*Records for this exercise*:
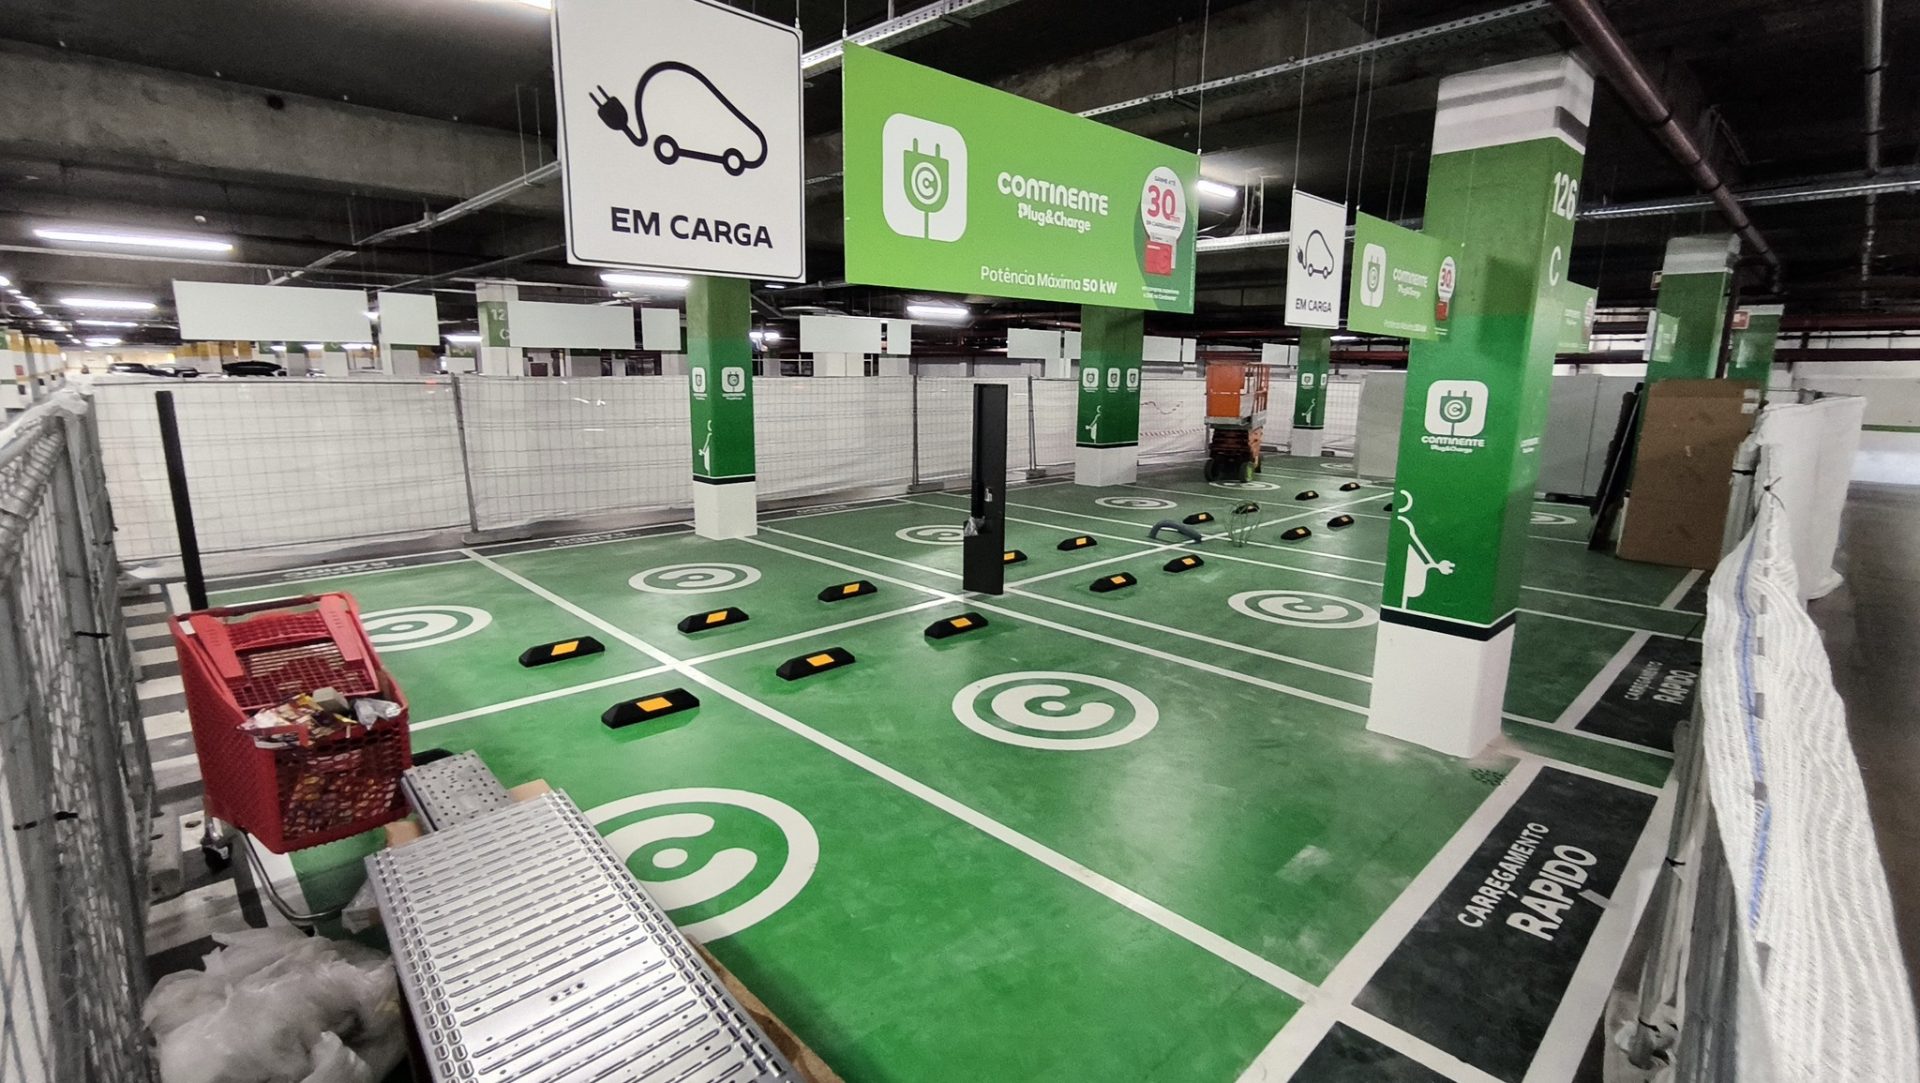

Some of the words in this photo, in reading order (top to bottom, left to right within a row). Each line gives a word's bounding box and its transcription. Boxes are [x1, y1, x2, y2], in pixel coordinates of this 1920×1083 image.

[997, 171, 1109, 216] CONTINENTE
[1147, 184, 1176, 221] 30
[1552, 171, 1578, 220] 126
[611, 206, 661, 236] EM
[670, 214, 774, 249] CARGA
[1018, 202, 1092, 233] Plug&Charge
[981, 265, 1036, 286] Potência
[1037, 272, 1081, 291] Máxima
[1082, 278, 1099, 292] 50
[1099, 279, 1118, 294] kW
[1549, 245, 1562, 286] C
[490, 308, 506, 321] 12
[1295, 298, 1307, 310] EM
[1307, 300, 1333, 313] CARGA
[1420, 436, 1486, 448] CONTINENTE
[1457, 822, 1550, 928] CARREGAMENTO
[1505, 844, 1598, 942] RÁPIDO

*Task brief*: Quote in full the listing given above; the images are to be left out.

*Answer for this exercise*:
Some of the words in this photo, in reading order (top to bottom, left to right within a row). Each line gives a word's bounding box and its transcription. Boxes are [x1, y1, x2, y2], in pixel coordinates of this 1920×1083 image.

[997, 171, 1109, 216] CONTINENTE
[1147, 184, 1176, 221] 30
[1552, 171, 1578, 220] 126
[611, 206, 661, 236] EM
[670, 214, 774, 249] CARGA
[1018, 202, 1092, 233] Plug&Charge
[981, 265, 1036, 286] Potência
[1037, 272, 1081, 291] Máxima
[1082, 278, 1099, 292] 50
[1099, 279, 1118, 294] kW
[1549, 245, 1562, 286] C
[490, 308, 506, 321] 12
[1295, 298, 1307, 310] EM
[1307, 300, 1333, 313] CARGA
[1420, 436, 1486, 448] CONTINENTE
[1457, 822, 1550, 928] CARREGAMENTO
[1505, 844, 1598, 942] RÁPIDO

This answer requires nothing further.